Courtesy of Pete Swanson
This photo of a Genesee & Wyoming locomotive was taken in March at Craig Road in York.
Business
Genesee & Wyoming railroad grows again
The Genesee & Wyoming Railroad, once a 14 mile short line confined exclusively within Livingston County, has grown by leaps and bounds during the past 27 years, acquiring in wholesale fashion other rail lines throughout North America and overseas.
On Monday the Genesee & Wyoming holding company announced its largest acquisition to date, RailAmerica, Inc.
The $1.39 billion deal will combine the two largest short line/regional rail operators in North America.
RailAmerica, with headquarters in Jacksonville, Fla., is controlled by, and being purchased from, the Fortress Investment Group.
As the next-largest owner and operator of short line and regional freight railroads on the continent, RailAmerica has 45 individual railroads on 7,500 miles of track in 28 U.S. states and three Canadian provinces. Last year RailAmerica lines transported 840,000 carloads of freight for over 1,500 customers.
These figures compare with Genesee & Wyoming’s own totals of 63 individual railroads on 9,000 miles of owned, leased or accessed track in 24 U.S. states and four foreign countries (Canada, Australia, the Netherlands and Belgium).
In 2011 Genesee & Wyoming transported nearly 1 million carloads of freight for about 800 customers.
After the purchase and merger, which still await formal approval from the federal Surface Transportation Board, Genesee & Wyoming will have 4,300 employees. Seventy percent of the new company’s revenue will be derived in the United States.
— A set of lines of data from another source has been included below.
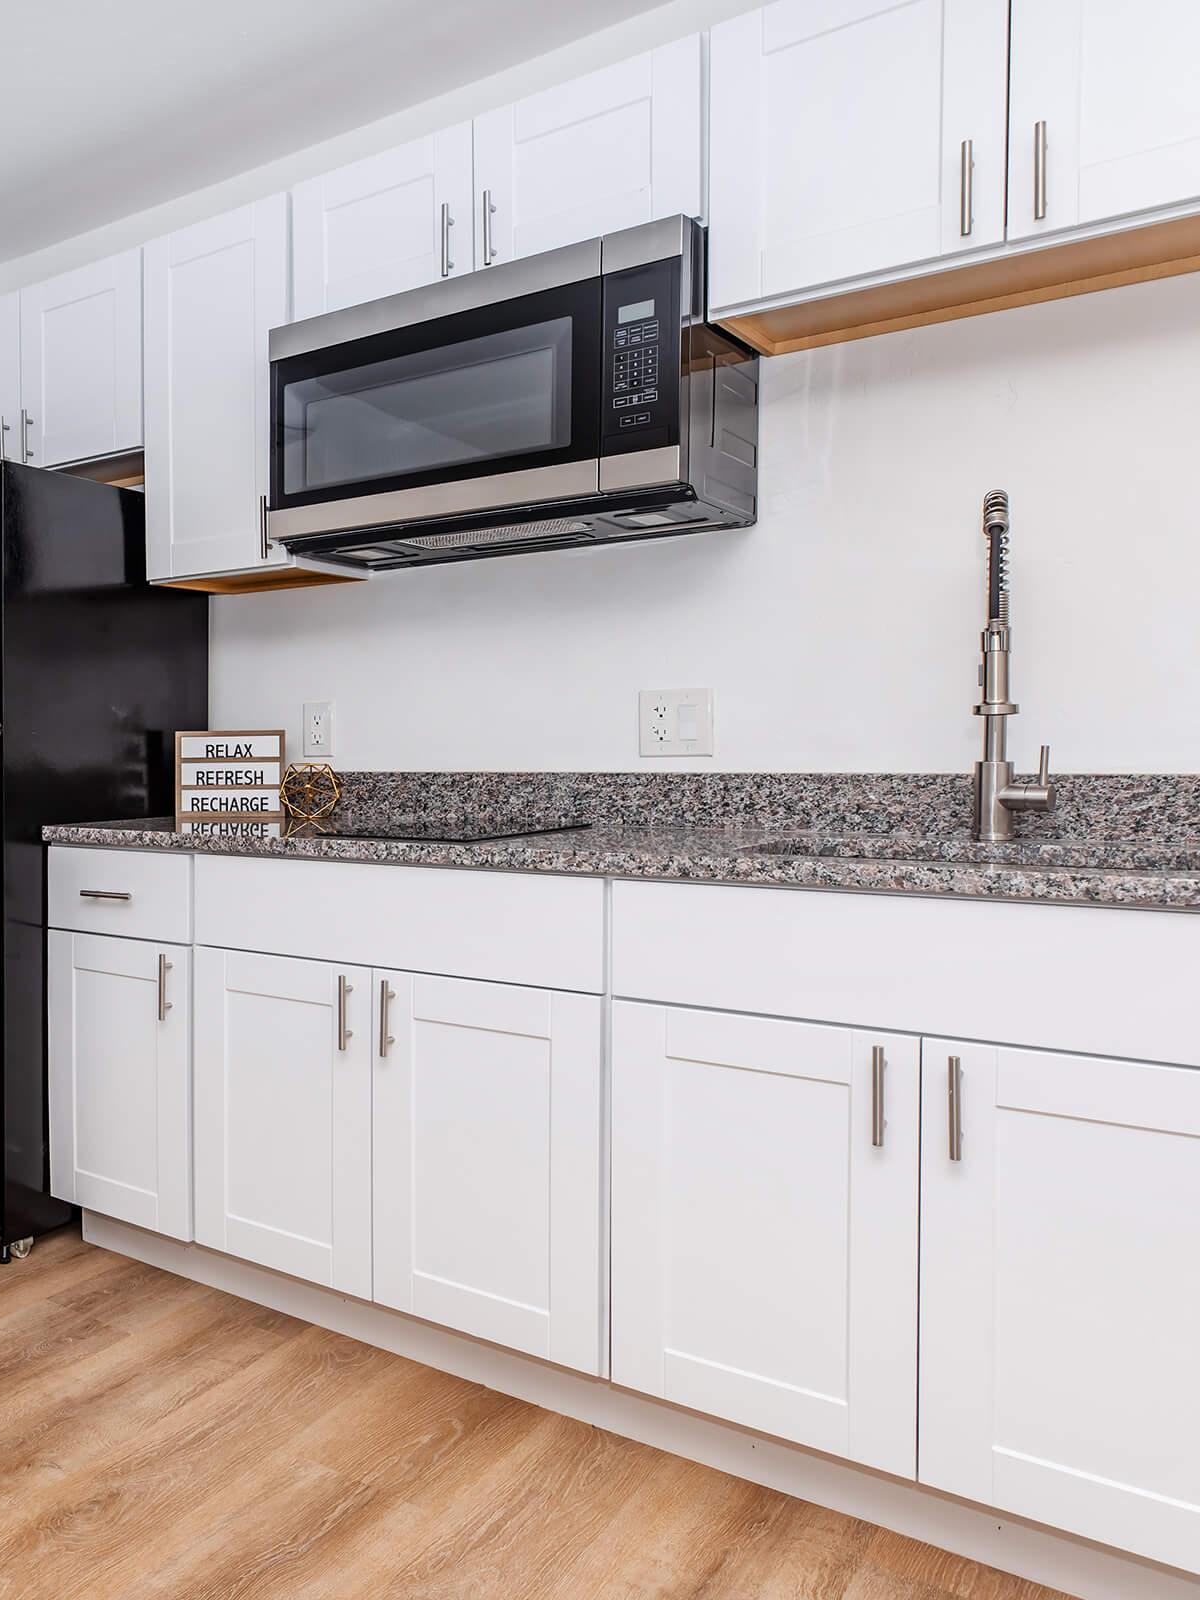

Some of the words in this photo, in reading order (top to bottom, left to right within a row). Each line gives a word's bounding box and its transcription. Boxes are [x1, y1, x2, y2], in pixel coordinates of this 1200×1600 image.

[205, 744, 253, 758] RELAX
[196, 770, 264, 785] REFRESH
[191, 797, 269, 812] RECHARGE
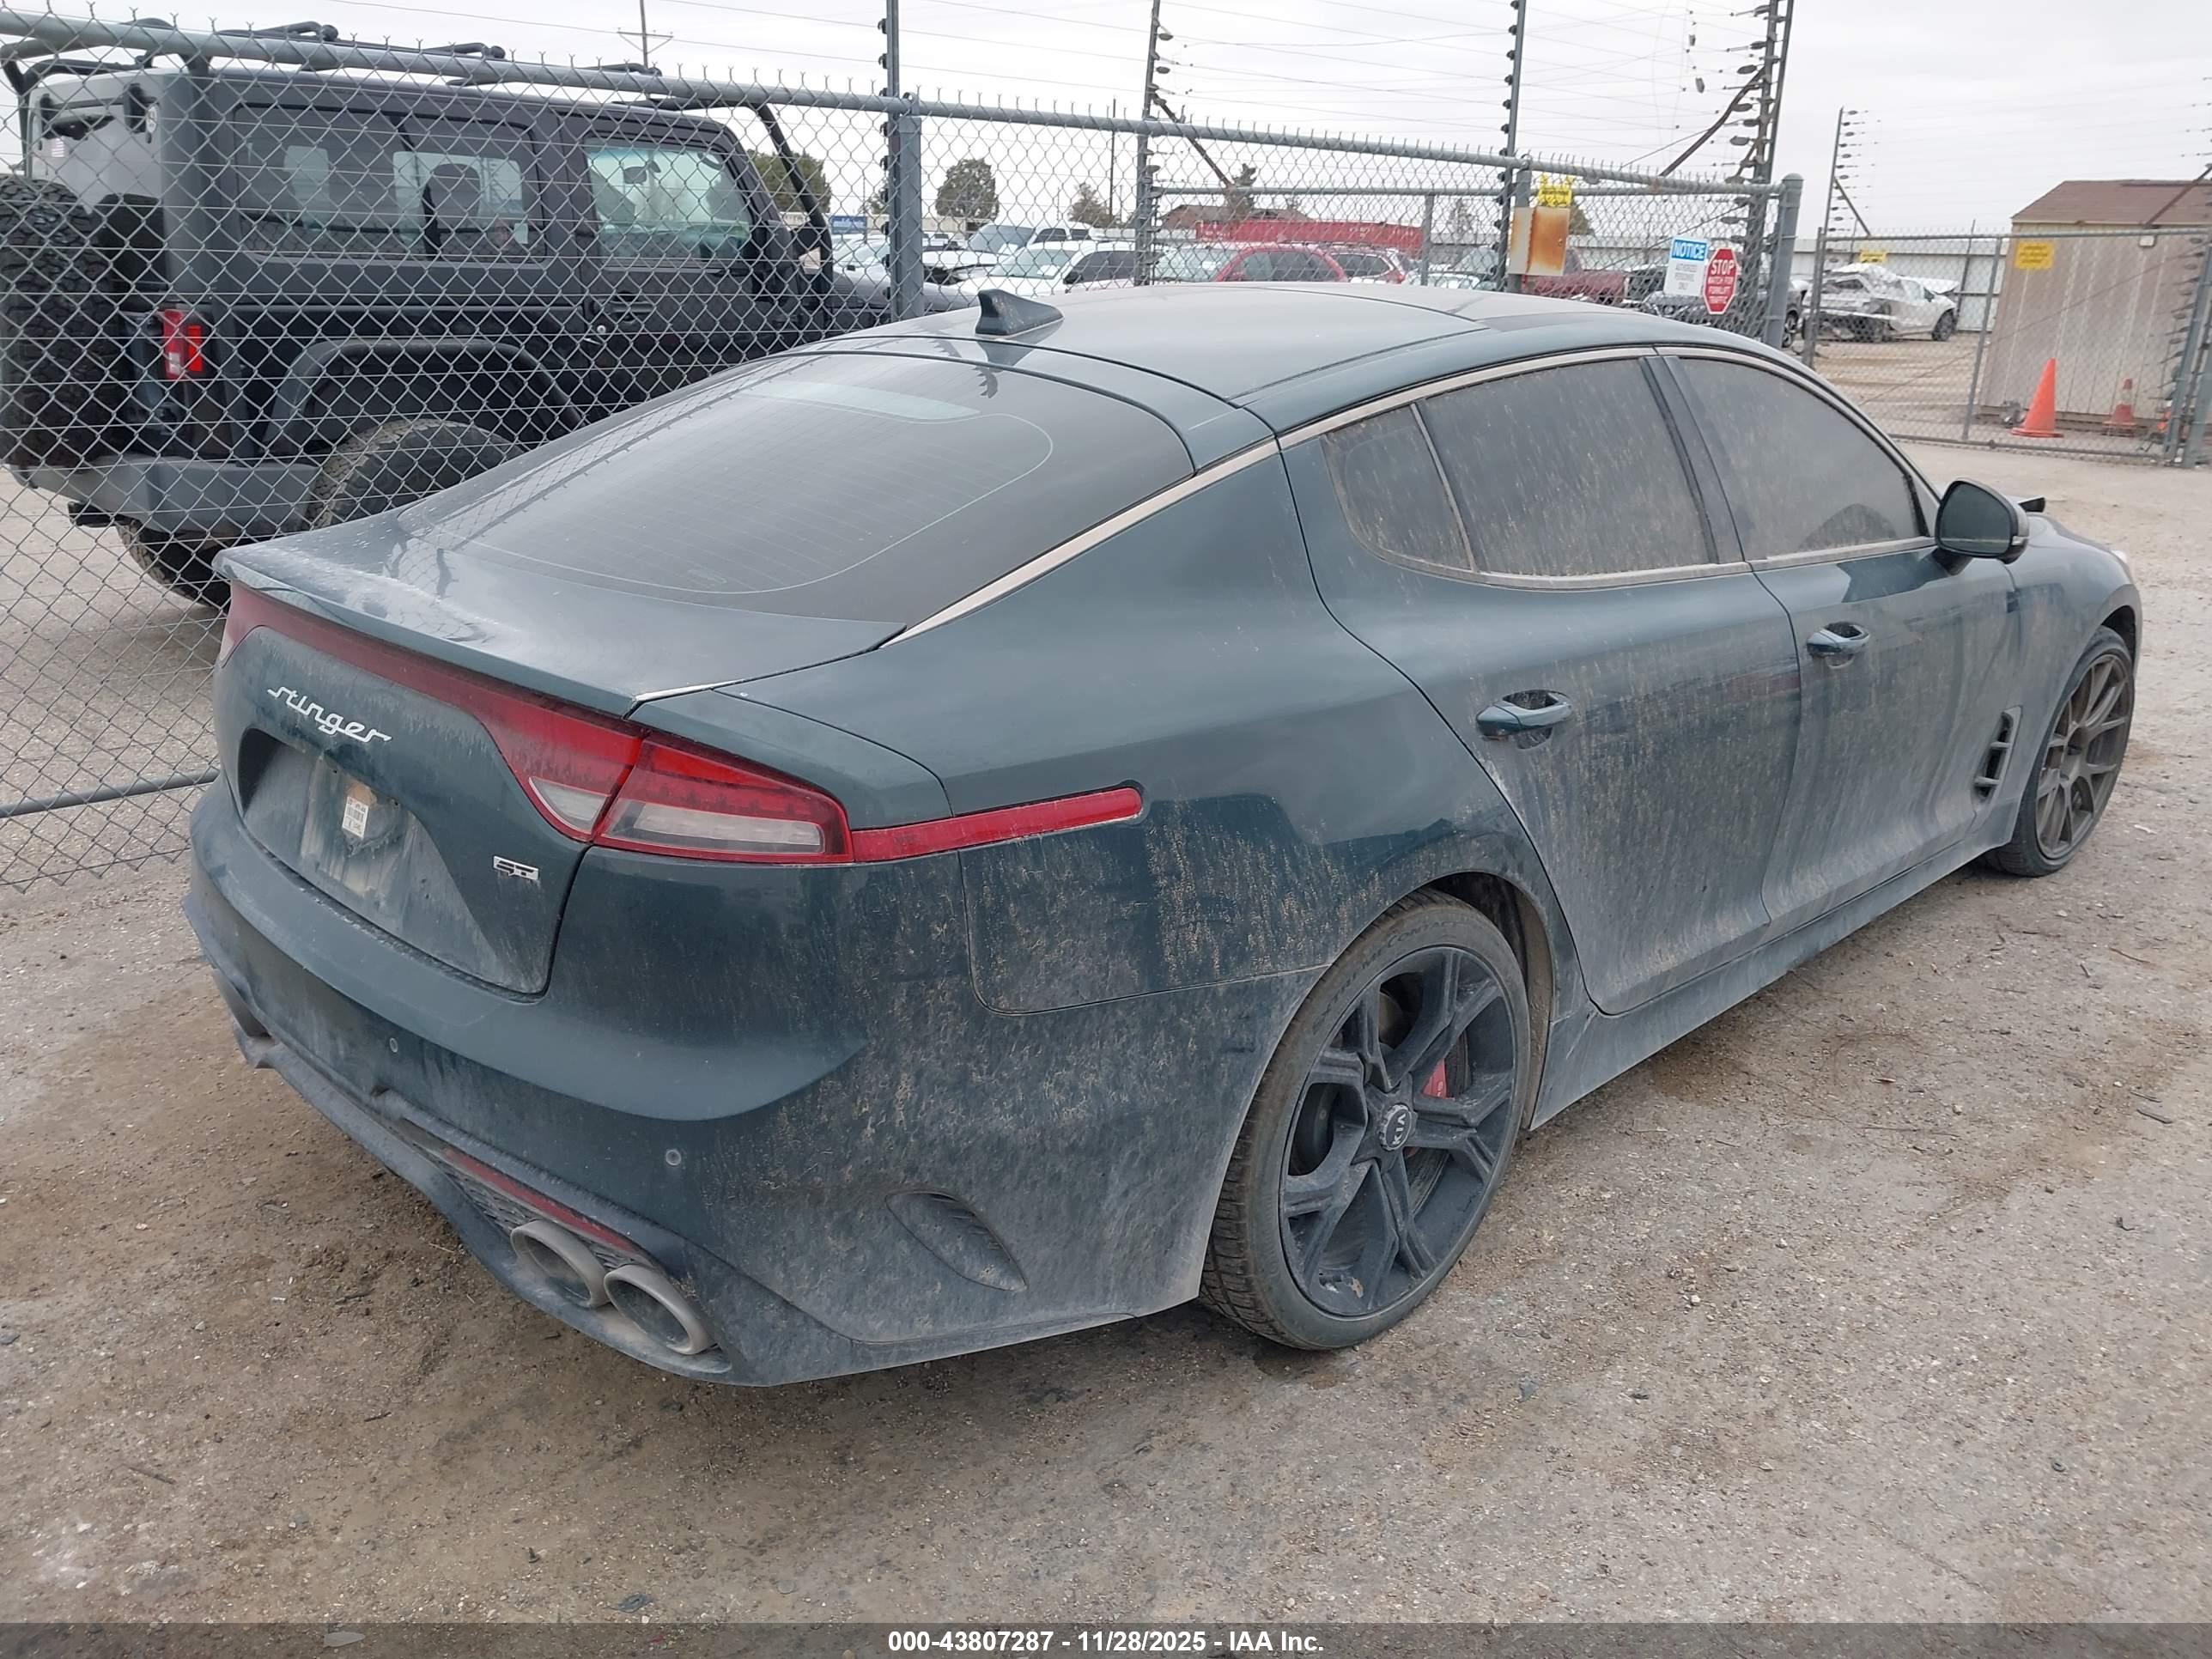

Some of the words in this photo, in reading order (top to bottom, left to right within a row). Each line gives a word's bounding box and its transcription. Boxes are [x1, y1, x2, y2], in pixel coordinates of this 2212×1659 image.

[1672, 241, 1705, 259] NOTICE
[1710, 259, 1735, 275] STOP
[1391, 1113, 1407, 1145] KIA
Analysts report that, in realizing the merger, Genesee & Wyoming will be refinancing existing debt with about $2 billion in new debt and $800 million in equity or equity-linked securities.
Business will be more healthily diversified so that no single customer will represent more than three percent of company revenue and no single commodity will be more than 16 percent of company revenue.
The price of RailAmerica is about 10.5 times the company’s annual earnings before interest, taxes, depreciation, and amortization — almost 11 percent more than the July 20 closing stock price, and almost 28 percent higher than the stock price on May 21, the last trading day. However, knowledgeable analysts do not see Genesee & Wyoming over-levering to do the transaction.
A history of growth
Formed in 1891 as the Genesee & Wyoming Valley Railway, the name was shortened to the Genesee & Wyoming Railroad in 1899, when the company was purchased by Edward L. Fuller. Then and today, its principal job has been the transportation of rock salt from mine to interchange with major rail connections.
The original railroad ran 11 miles from Retsof and Sterling to a connection at Pittsburgh & Lehigh Junction — located just outside Caledonia — with the Lehigh Valley; Buffalo Rochester & Pittsburgh (later Baltimore & Ohio), Erie, and New York Central railroads. There were shorter spur connections to the west at Greigsville with the Lackawanna Railroad and to the east at Cuylerville with the Pennsylvania Railroad.
Today the connections are with CSX at Rochester and Norfolk Southern at Silver Springs via the Genesee & Wyoming-owned Rochester & Southern Railroad (formerly the Baltimore & Ohio) from P. & L. Junction.
Before the new era of growth, the Genesee & Wyoming prospered for eight decades under Fuller family management. Indeed, on a per mile basis, the historic G. & W. was reputed to be one of the most profitable railroads in America.
In 1980 the Staggers Act deregulated the railroad industry and opened the door for major railroad corporations to sell or lease their less profitable branch lines as a viable alternative to abandonment. Companies with short line operating experience, such as Genesee & Wyoming, were eager to step in.
Between 1985 and 1988, Genesee & Wyoming became a major leaser of rail cars and also acquired the neighboring Dansville & Mount Morris Railroad (including the former Lackwanna connection between Greigsville and Groveland Station), former Baltimore and Ohio lines renamed the Rochester & Southern and Buffalo & Pittsburgh, and, in the deep south, the Louisiana & Delta Railroad.
Six more railroads had been acquired by 1996 when G&W became a publicly traded stock. Between 1996 and 2000, there were acquisitions in foreign countries. The past decade has seen the acquisition of another dozen-or-so systems, mostly in the United States.
Meanwhile, the original G&W survived the 1994 closure of the Akzo Retsof salt mine and is today profitably hauling freight cars from the new American Rock Salt mine at Hampton Corners.
The trademark G&W orange paint scheme with black horizontal stripes and “double arrow” logo, once unique to a small roster of locomotives in Livingston County, is today commonplace on locomotives throughout North America, Australia and Europe.